◆ Aim of the exercise:
What is needed here is an exact copy of every entry.
══ Records to process
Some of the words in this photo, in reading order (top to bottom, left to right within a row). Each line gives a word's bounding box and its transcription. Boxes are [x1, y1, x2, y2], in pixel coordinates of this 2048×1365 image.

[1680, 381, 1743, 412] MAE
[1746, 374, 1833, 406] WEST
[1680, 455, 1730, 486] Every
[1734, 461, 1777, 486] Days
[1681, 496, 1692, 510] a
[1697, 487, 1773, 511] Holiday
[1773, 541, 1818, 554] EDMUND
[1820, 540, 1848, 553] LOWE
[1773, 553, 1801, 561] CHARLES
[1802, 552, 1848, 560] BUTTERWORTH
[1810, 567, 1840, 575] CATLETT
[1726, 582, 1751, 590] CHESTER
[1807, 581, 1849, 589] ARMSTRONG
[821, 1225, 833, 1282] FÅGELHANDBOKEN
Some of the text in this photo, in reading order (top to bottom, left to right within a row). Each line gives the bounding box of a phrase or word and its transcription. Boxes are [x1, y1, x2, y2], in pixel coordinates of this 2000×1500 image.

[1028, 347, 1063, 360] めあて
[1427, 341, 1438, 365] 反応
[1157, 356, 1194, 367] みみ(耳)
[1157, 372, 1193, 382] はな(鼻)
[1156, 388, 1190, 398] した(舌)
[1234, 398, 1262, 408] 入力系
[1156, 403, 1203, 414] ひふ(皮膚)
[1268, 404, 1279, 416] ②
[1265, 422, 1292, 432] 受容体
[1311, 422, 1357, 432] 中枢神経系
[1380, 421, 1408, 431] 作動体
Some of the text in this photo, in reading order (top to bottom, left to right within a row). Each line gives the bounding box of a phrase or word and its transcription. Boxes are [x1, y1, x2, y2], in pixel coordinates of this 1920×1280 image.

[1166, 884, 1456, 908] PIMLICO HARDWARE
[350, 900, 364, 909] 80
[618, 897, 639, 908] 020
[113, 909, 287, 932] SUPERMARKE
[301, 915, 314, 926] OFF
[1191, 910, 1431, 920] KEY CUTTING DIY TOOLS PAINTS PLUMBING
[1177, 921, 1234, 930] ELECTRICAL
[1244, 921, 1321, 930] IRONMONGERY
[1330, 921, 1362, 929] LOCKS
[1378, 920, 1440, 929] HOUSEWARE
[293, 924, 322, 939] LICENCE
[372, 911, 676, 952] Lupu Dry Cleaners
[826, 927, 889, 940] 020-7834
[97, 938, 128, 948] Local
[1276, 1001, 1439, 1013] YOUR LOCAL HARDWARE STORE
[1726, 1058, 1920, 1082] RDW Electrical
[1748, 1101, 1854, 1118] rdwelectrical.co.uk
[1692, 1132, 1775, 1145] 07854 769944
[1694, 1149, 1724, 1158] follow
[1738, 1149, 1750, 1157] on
════
◆ Task result:
Some of the words in this photo, in reading order (top to bottom, left to right within a row). Each line gives a word's bounding box and its transcription. Boxes are [x1, y1, x2, y2], in pixel coordinates of this 2048×1365 image.

[1680, 381, 1743, 412] MAE
[1746, 374, 1833, 406] WEST
[1680, 455, 1730, 486] Every
[1734, 461, 1777, 486] Days
[1681, 496, 1692, 510] a
[1697, 487, 1773, 511] Holiday
[1773, 541, 1818, 554] EDMUND
[1820, 540, 1848, 553] LOWE
[1773, 553, 1801, 561] CHARLES
[1802, 552, 1848, 560] BUTTERWORTH
[1810, 567, 1840, 575] CATLETT
[1726, 582, 1751, 590] CHESTER
[1807, 581, 1849, 589] ARMSTRONG
[821, 1225, 833, 1282] FÅGELHANDBOKEN
Some of the text in this photo, in reading order (top to bottom, left to right within a row). Each line gives the bounding box of a phrase or word and its transcription. Boxes are [x1, y1, x2, y2], in pixel coordinates of this 2000×1500 image.

[1028, 347, 1063, 360] めあて
[1427, 341, 1438, 365] 反応
[1157, 356, 1194, 367] みみ(耳)
[1157, 372, 1193, 382] はな(鼻)
[1156, 388, 1190, 398] した(舌)
[1234, 398, 1262, 408] 入力系
[1156, 403, 1203, 414] ひふ(皮膚)
[1268, 404, 1279, 416] ②
[1265, 422, 1292, 432] 受容体
[1311, 422, 1357, 432] 中枢神経系
[1380, 421, 1408, 431] 作動体
Some of the text in this photo, in reading order (top to bottom, left to right within a row). Each line gives the bounding box of a phrase or word and its transcription. Boxes are [x1, y1, x2, y2], in pixel coordinates of this 1920×1280 image.

[1166, 884, 1456, 908] PIMLICO HARDWARE
[350, 900, 364, 909] 80
[618, 897, 639, 908] 020
[113, 909, 287, 932] SUPERMARKE
[301, 915, 314, 926] OFF
[1191, 910, 1431, 920] KEY CUTTING DIY TOOLS PAINTS PLUMBING
[1177, 921, 1234, 930] ELECTRICAL
[1244, 921, 1321, 930] IRONMONGERY
[1330, 921, 1362, 929] LOCKS
[1378, 920, 1440, 929] HOUSEWARE
[293, 924, 322, 939] LICENCE
[372, 911, 676, 952] Lupu Dry Cleaners
[826, 927, 889, 940] 020-7834
[97, 938, 128, 948] Local
[1276, 1001, 1439, 1013] YOUR LOCAL HARDWARE STORE
[1726, 1058, 1920, 1082] RDW Electrical
[1748, 1101, 1854, 1118] rdwelectrical.co.uk
[1692, 1132, 1775, 1145] 07854 769944
[1694, 1149, 1724, 1158] follow
[1738, 1149, 1750, 1157] on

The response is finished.